Both had cause for satisfaction when the man in question walked out of the courtroom. Yesterday, the epic struggle of Professor Saburo Ienaga, who took on the Japanese government on the issue of school textbook censorship, came to the end in a mixture of victory and defeat.

"Almost no one wins a lawsuit against the government," Professor Ienaga once said. "I did not start this thinking I could win." But over the course of 32 years he has done more than anyone to highlight the issue of censorship and the way in which Japan's educators teach their own history.

It began in 1965 when Professor Ienaga, now a frail 83, brought a case against the Ministry of Education over a school textbook which he had written. All such texts must be screened by the ministry for factual errors and what it perceives as bias. In practice, according to the professor and his supporters, the process serves to eliminate from the education of children important historical facts highlighting the dark side of Japan's past, especially the atrocities perpetrated by its troops during wartime.

In three separate cases, fought to the bitter end over three decades, the professor has contested dozens of examples of this screening, and won only four. Four years ago, the ministry was judged to be wrong when it asked Professor Ienaga to alter a reference to the Nanking massacre, and to delete a reference to rapes perpetrated by Imperial soldiers on the startling grounds that "it is common throughout the world for troops to rape women during wartime". Yesterday, in a three-to-two ruling, the Supreme Court also acknowledged the existence of Unit 731, a notorious secret operation which infected Chinese prisoners with bubonic plague and dissected their bodies while they were still alive. For these victories, Professor Ienaga has won token damages of 400,000 yen (pounds 2,100).

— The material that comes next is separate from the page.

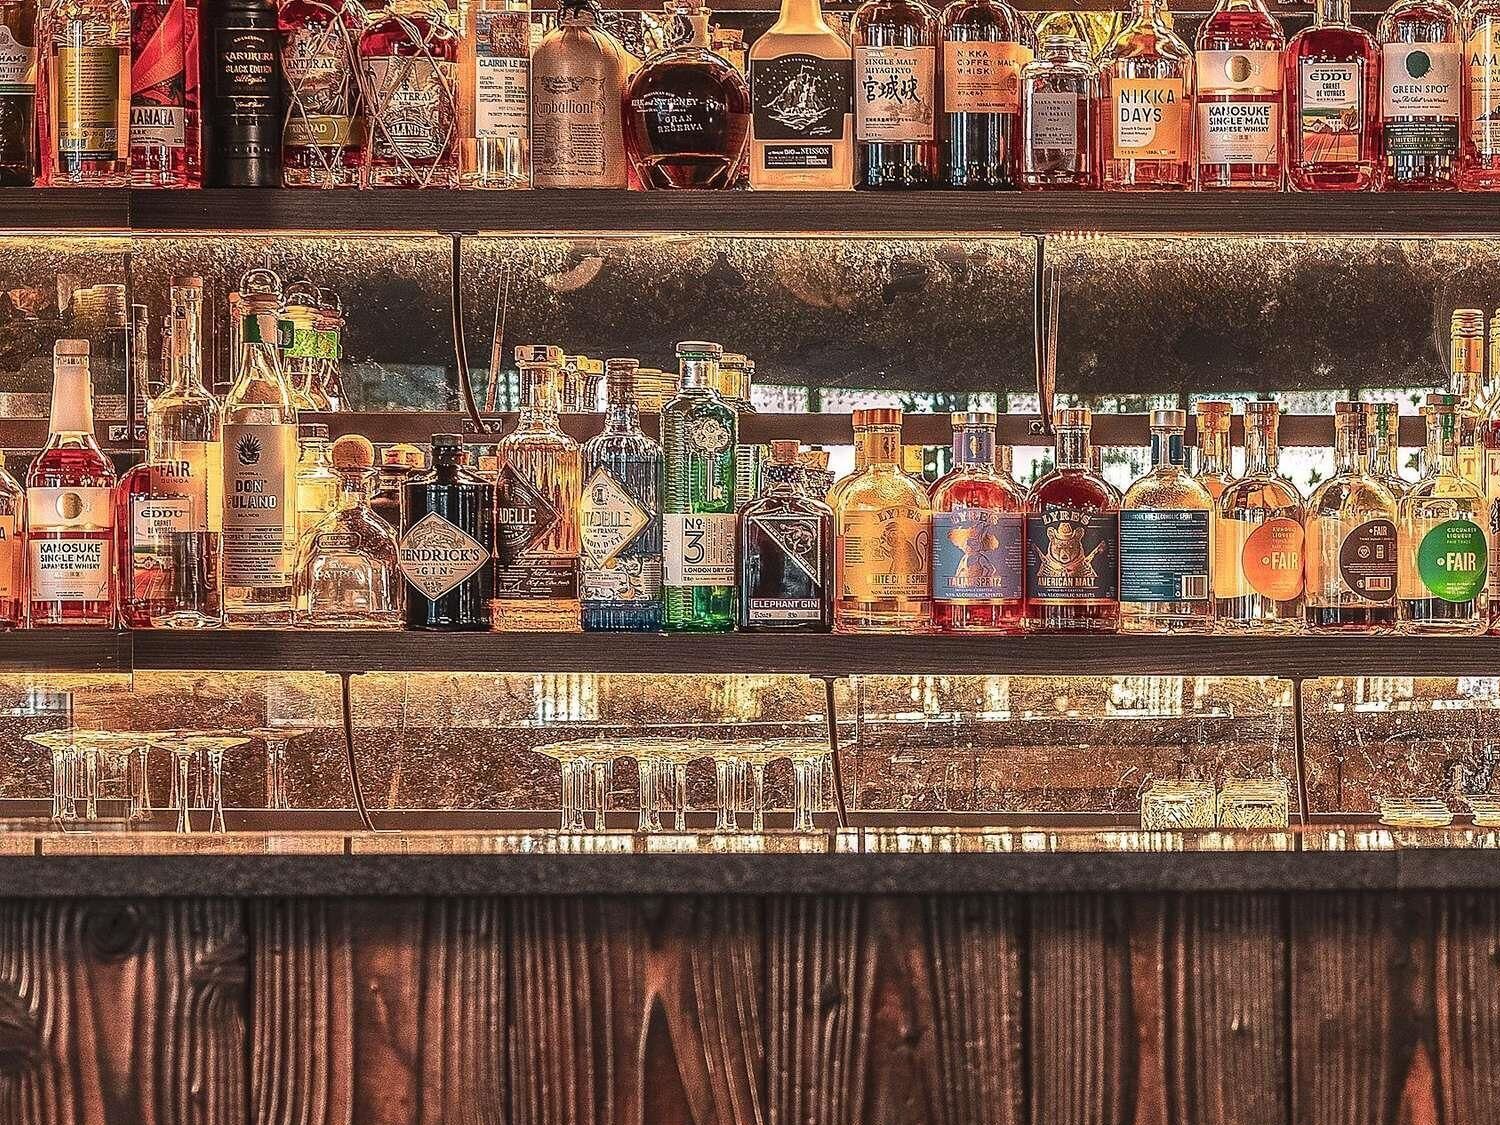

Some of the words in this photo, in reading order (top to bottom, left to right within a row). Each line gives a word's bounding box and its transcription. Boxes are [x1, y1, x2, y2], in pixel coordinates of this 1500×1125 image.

But the court rejected his claim that textbook screening is itself unconstitutional, a violation of freedom of speech and education. Dozens of other examples of interference have over the years been upheld. The ministry's sensitivities are not limited to Japanese atrocities, but to implicit criticism of the Imperial family, and of government policies in general. A reference to the effects on forests of Japan's massive timber imports had to be watered down, and at one point the ministry seemed to be defending not just Japan's war conduct but war itself. The photograph of a mutilated war veteran with prostheses instead of arms and legs, conveyed, it complained, "an excessively negative impression of war".

Despite his partial defeat, in his ninth decade Professor Ienaga does not plan to begin any more legal battles. But the controversies over the textbooks is hotter than ever. In Yokohama, another author is in the midst of a similar case. Meanwhile, support is growing among conservative MPs and right-wing academics for a movement objecting to the "masochistic" history favoured by the professor. "This is the end of the professor's case, but the movement goes on," said Norifumi Tateishi, one of the professor's lawyers."The effort will be continued by supporters, textbook writers, teachers, students, publishers, academics."